┌─ Recorded data
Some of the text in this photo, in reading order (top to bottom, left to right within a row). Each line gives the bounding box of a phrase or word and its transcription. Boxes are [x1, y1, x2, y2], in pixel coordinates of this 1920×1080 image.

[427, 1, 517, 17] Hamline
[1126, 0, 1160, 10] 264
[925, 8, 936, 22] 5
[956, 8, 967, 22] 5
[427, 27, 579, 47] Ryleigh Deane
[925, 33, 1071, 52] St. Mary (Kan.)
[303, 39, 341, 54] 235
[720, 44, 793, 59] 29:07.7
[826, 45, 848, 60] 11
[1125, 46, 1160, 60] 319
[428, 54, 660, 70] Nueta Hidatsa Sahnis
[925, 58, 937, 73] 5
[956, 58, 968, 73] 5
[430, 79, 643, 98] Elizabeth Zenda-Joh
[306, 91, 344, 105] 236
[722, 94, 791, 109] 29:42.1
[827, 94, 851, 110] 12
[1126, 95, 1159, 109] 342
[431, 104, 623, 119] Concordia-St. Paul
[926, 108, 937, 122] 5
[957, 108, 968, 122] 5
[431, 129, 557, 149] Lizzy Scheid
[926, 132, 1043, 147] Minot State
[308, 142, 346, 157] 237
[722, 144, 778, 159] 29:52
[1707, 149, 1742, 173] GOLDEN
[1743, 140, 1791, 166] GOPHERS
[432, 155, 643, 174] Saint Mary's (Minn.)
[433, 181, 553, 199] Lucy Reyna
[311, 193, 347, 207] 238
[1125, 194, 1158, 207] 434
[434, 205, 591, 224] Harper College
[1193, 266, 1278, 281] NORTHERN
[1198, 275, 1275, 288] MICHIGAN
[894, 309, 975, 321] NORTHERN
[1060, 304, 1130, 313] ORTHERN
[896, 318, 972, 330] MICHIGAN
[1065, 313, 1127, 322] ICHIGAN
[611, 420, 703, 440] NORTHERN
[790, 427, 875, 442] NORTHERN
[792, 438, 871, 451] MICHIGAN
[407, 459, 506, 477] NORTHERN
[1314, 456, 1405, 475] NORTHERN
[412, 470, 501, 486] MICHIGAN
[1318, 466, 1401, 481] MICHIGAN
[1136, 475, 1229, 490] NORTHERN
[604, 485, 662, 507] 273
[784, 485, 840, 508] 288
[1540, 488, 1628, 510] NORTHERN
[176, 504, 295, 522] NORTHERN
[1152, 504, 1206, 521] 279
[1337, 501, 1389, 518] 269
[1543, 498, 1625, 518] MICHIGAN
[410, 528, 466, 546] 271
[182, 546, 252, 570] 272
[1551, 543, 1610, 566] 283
└─
_Exercise_
Your task is to copy each line of the entries that includes the word "Mary".

_Response to the task_
[925, 33, 1071, 52] St. Mary (Kan.)
[432, 155, 643, 174] Saint Mary's (Minn.)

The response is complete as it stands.